Note: The extraction of reflection results is based on regular expression and, thus is not perfect. We will release the raw output before the extraction in the future.
- Generate Data Statistics
python selection_code/data_analysis.py \
--data_path data/cherry_alpaca_v1/cherry_alpaca_5_percent_compressed.json \
--save_path cherry_alpaca_5_percent_analysis.jsonl \
--model_name_or_path meta-llama/Llama-2-7b-hf
This code calculates the necessary statistics for calculating IFD scores and r-IFD scores.
Please feel free to customize your own training prompt and model.
- Put the Statistics to Original Data
python selection_code/put_analysis_to_data.py \
--pt_data_path cherry_alpaca_5_percent_analysis.jsonl \
--json_data_path data/cherry_alpaca_v1/cherry_alpaca_5_percent_compressed.json \
--json_save_path cherry_alpaca_5_percent_with_analysis.json
After obtaining data with IFD scores and r-IFD scores, you can compare these scores to make the customized selection.
The following table provides a comparison between our recycled models (V1) and baseline models on the AlpacaEval Leaderboard and Huggingface Open LLM Leaderboard.
The Recycled Alpaca Data can be found here: [hf-Link]
The Recycled WizardLM (70k) Data can be found here: [hf-Link]
| AlpacaEval | Avg | ARC | HellaSwag | MMLU | TruthfulQA | Model | |||
|---|---|---|---|---|---|---|---|---|---|
| Alpaca 7B | 26.46 | 50.21 | 42.65 | 76.91 | 41.73 | 39.55 | / | ||
| Recycled Alpaca 7B V1.0 | 76.99 | 56.18 | 53.92 | 77.68 | 47.55 | 45.55 | [hf-Link] | ||
| Recycled Alpaca 13B V1.0 | 83.42 | 58.93 | 58.70 | 80.80 | 53.11 | 43.12 | [Link] | ||
| WizardLM 7B | 67.64 | 54.18 | 51.60 | 77.70 | 42.70 | 44.70 | / | ||
| Recycled WizardLM 7B V1.0 | 78.88 | 56.21 | 53.92 | 77.05 | 48.35 | 45.52 | [hf-Link] | ||
In the repo, we name our Selective Reflection-Tuning as the V2 method for simplicity.
The following table provides a comparison between our sRecycled models (V2) and baseline models on the AlpacaEval Leaderboard and Huggingface Open LLM Leaderboard.
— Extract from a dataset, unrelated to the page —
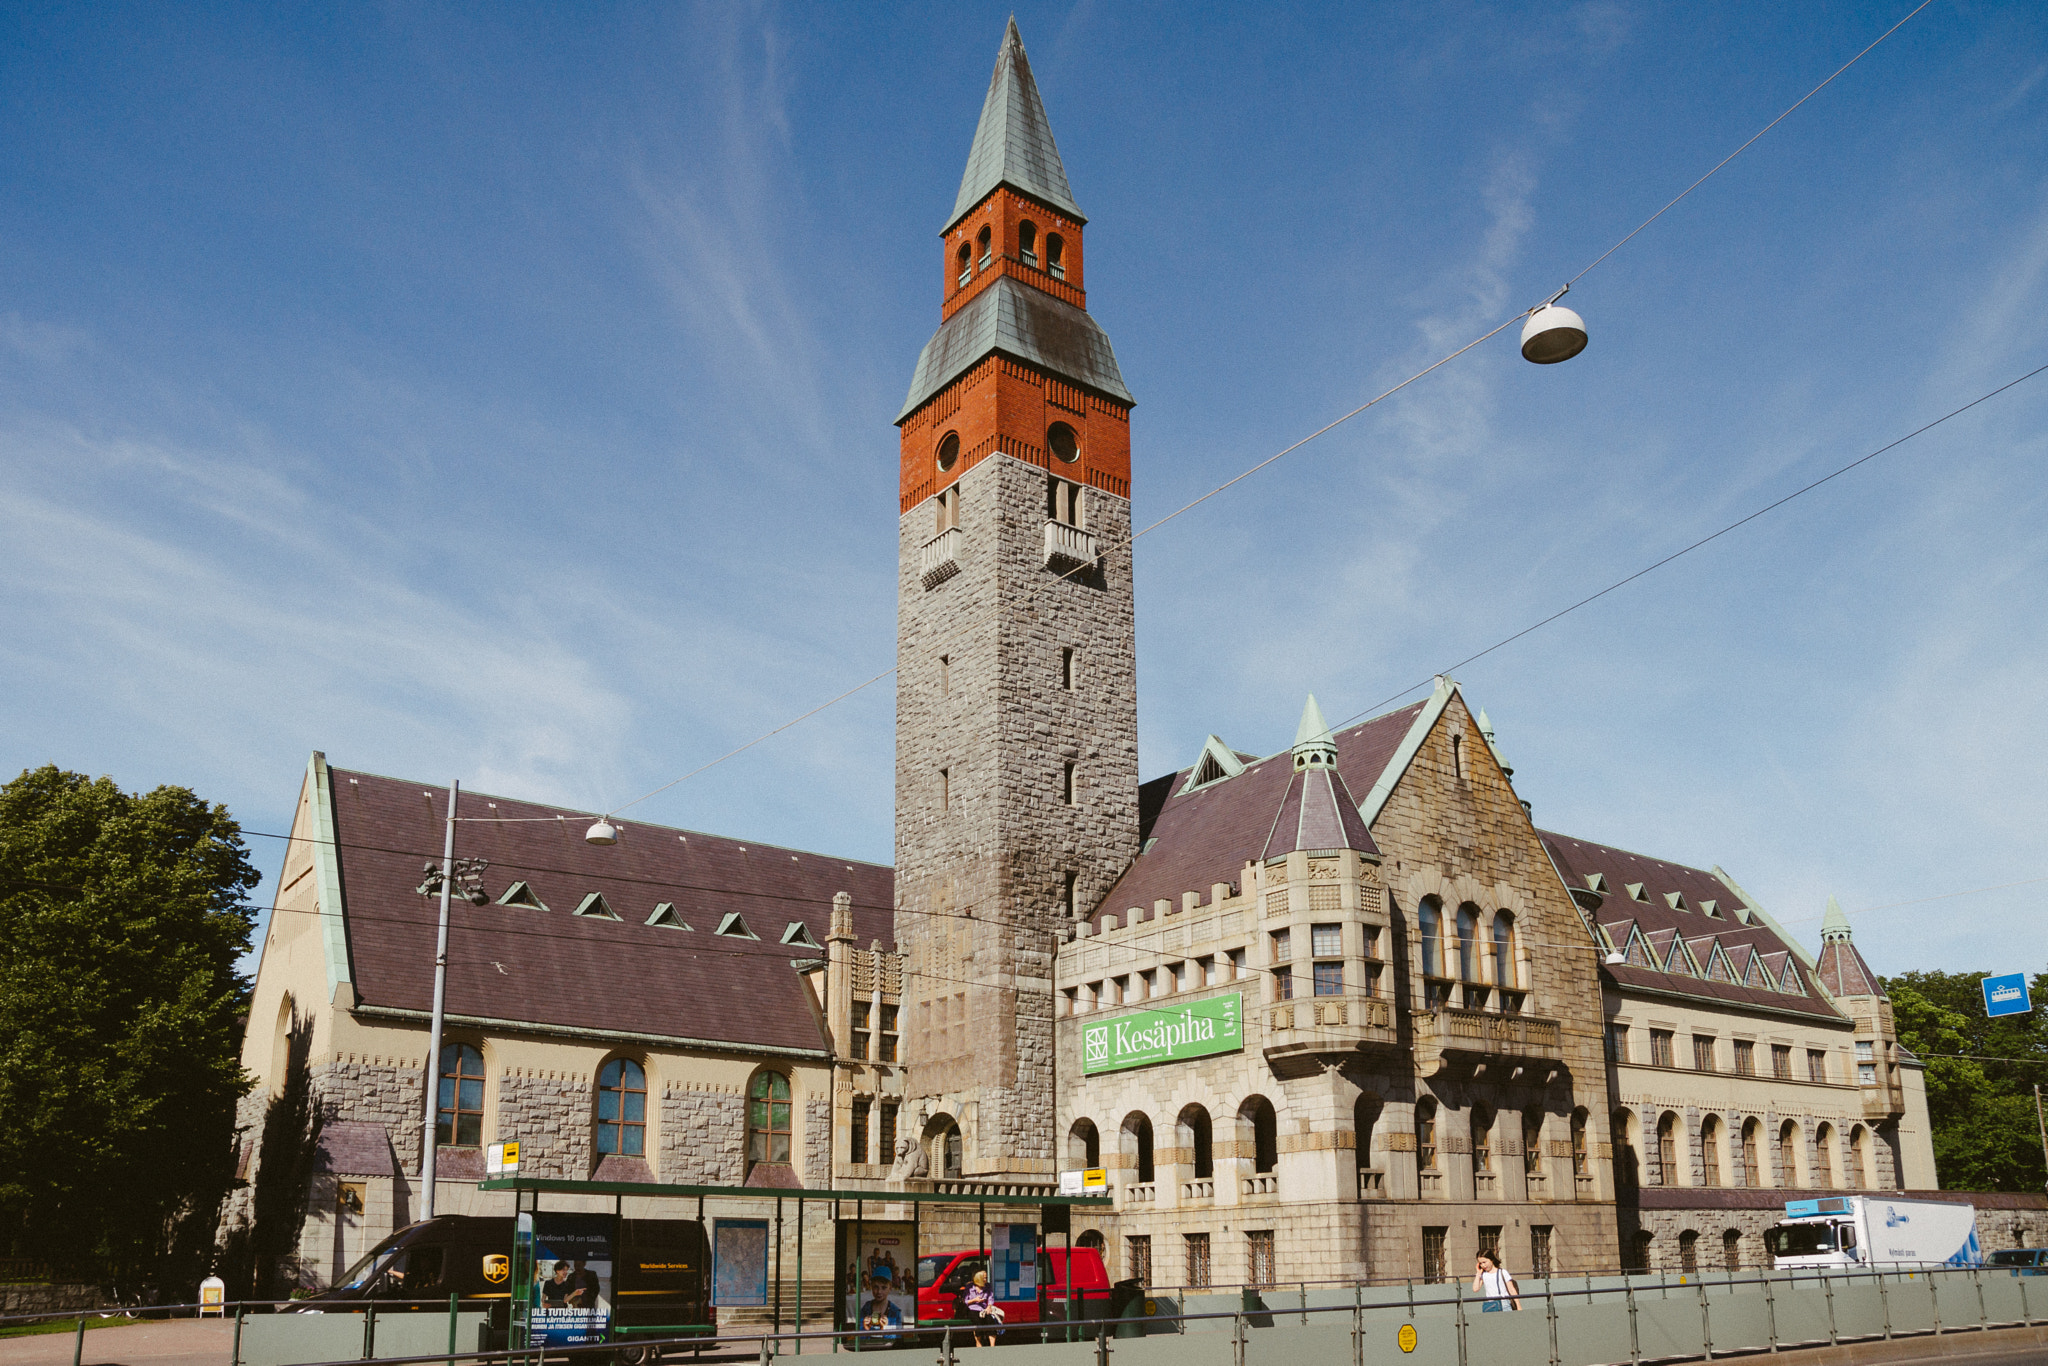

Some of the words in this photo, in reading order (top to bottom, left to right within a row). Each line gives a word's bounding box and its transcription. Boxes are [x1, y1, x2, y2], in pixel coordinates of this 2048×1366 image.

The data used for training llama2-7b model can be directly found here:
Selective Recycled Data (V2): Alpaca, WizardLM70k
The above data contains the model-selected data from data reflected on both instruction and response and data reflected on response.
The complete data reflected on instruction, response or both can be found here:
Overall Reflected Data: Alpaca, WizardLM70k, WizardLM V2
The complete data statistics on (loss, and perplexity) on llama2-7b and llama2-13b model can be found here, which can be directly used for computing IFD scores:
Overall Reflected Data IFD scores:Alpaca llama2 7b, Alpaca llama2 13b, WizardLM70k llama2 7b, WizardLM70k llama2 13b
| AlpacaEval | Avg | ARC | HellaSwag | MMLU | TruthfulQA | Model | |||
|---|---|---|---|---|---|---|---|---|---|
| Alpaca 7B | 26.46 | 50.21 | 42.65 | 76.91 | 41.73 | 39.55 | / | ||
| Recycled Alpaca 7B V2.0 | 79.58 | 56.05 | 54.01 | 78.07 | 46.69 | 45.41 | [hf-Link] | ||
| WizardLM 7B | 67.64 | 54.18 | 51.60 | 77.70 | 42.70 | 44.70 | / | ||
| Recycled WizardLM 7B V2.0 | 83.48 | 56.79 | 54.78 | 77.86 | 45.63 | 48.91 | [hf-Link] | ||
We use the prompt from FastChat:
A chat between a curious user and an artificial intelligence assistant. The assistant gives helpful, detailed, and polite answers to the user's questions. USER: Hi ASSISTANT: Hello.</s>USER: Who are you? ASSISTANT: I am ...</s>......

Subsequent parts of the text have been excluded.